Later in March, Gozitan farmer Gianni Attard will appear in front of a Constitutional Court as he is claiming breach of fundamental human rights.
The Malta Independent went to visit the farm in Gharb and spoke to Mr Attard who painfully explained what had happened to his sheep on November of 2012.
“In the morning, at around 9:30am, I was walking in Rabat when suddenly a police car stopped by and ordered me to come inside. We then headed for the police station and they suddenly informed me that they were going to kill my sheep.”
Mr Attard claims he was under lock-up till 4pm of that same day. Once back to his farm next to the Chapel of San Dimitri in Gharb, Gianni Attard found almost half of his sheep stock gone.
Indicating the area which was usually occupied by the culled sheep, Mr Attard said that all he saw was blood stains on the wall.
No less than 216 sheep were killed.

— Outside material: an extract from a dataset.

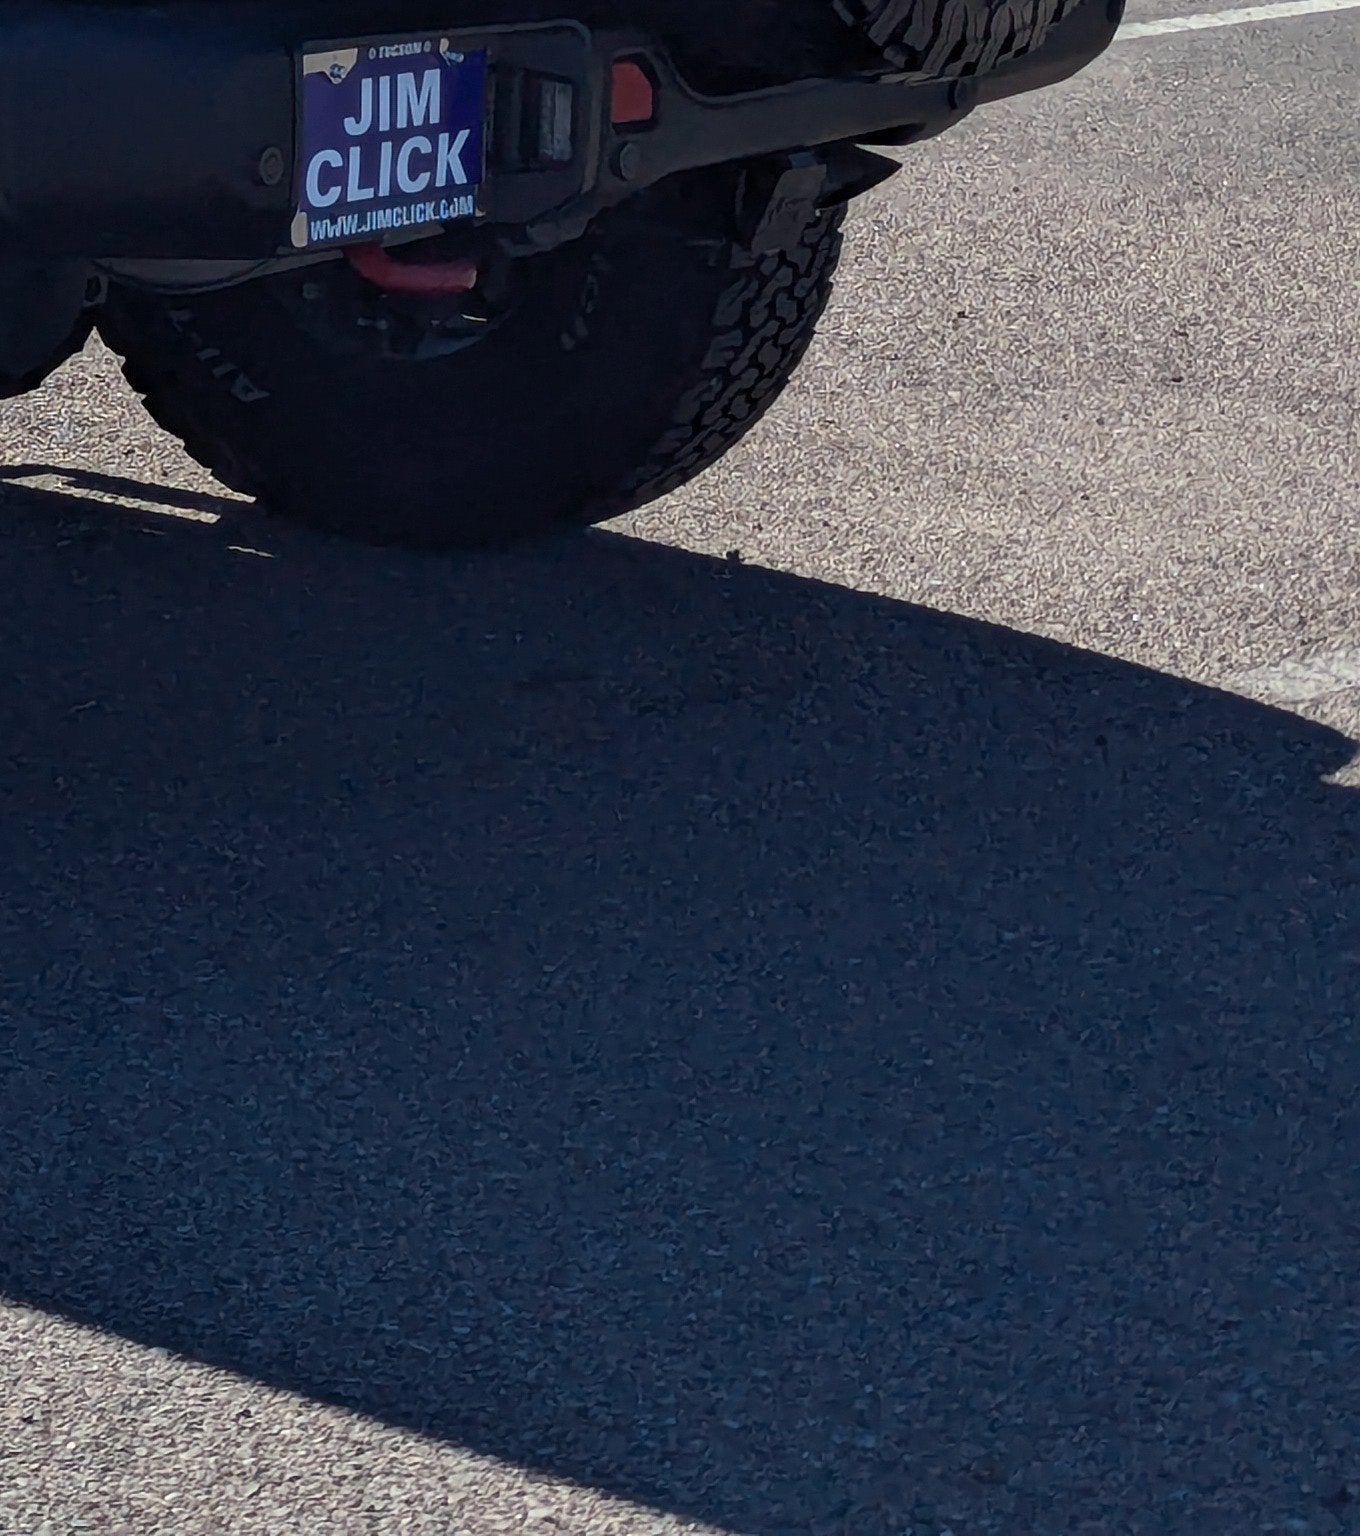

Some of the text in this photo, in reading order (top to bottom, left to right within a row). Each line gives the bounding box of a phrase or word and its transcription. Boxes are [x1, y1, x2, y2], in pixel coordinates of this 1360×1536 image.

[344, 68, 442, 135] JIM
[305, 129, 470, 207] CLICK
[312, 195, 473, 241] WWW.JIMCLICK.COM

According to Mr Attard, most of the killed sheep were pregnant and their worth could some up to some €520,000.
Following this event, Gianni Attard’s lawyers have presented the case to appear in front of the Constitutional Court. They told this newsroom that their case is based on the breach of fundamental human rights, including illegal arrest.
Gianni Attard insists that the claim that the court has ordered the execution of the rest of the sheep is not true.

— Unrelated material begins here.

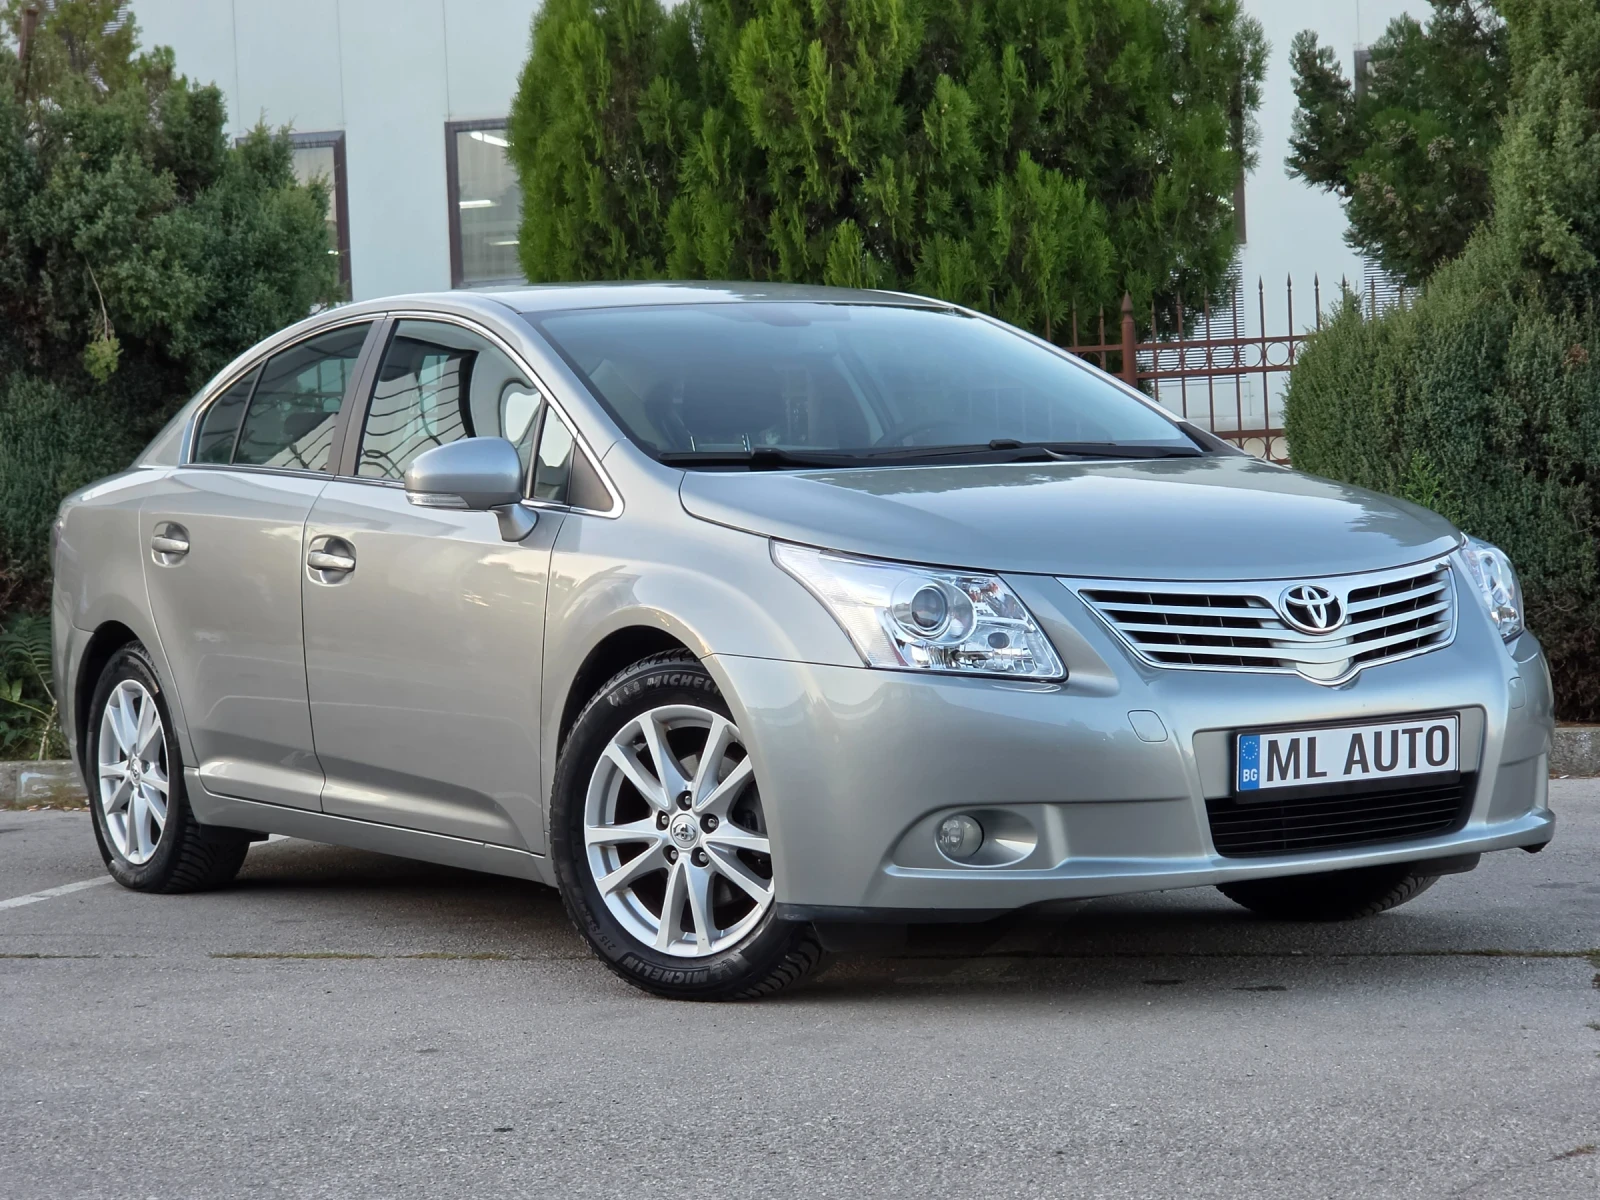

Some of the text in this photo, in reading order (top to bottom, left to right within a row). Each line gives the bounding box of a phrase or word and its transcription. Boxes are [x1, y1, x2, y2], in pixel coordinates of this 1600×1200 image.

The Veterinary Department has said that the sheep had to be killed because the test could only be acquired once the animal is put down. Also, it appears that the same department deems every animal which is not registered as sick because its roots are not traced.
It appears that, according to results of samples by the Veterinary Services Department, none of the 216 sheep culled in 2012 were actually sick. In court, veterinary surgeon Frank Galea had testified that the sample from brain stems resulted negative to Mad Cow Disease.
Gianni Attard’s farm in Gharb is always guarded by two police officers 24 hours a day seven days a week. He said they were collectively being paid more than €500 per day. It is estimated that the Maltese taxpayers have already paid more than €600,000 for three years of constant surveillance.
Sunday’s speech by Prime Minister Joseph Muscat also focused on the controversial sheep-culling case of farmer Gianni Attard, saying that it has been made known that Mr Attard never met or spoke with Dr Muscat, meaning that the Prime Minister could have never promised anything to the farmer. This shows how Dr Busuttil has been caught out in a lie, he said.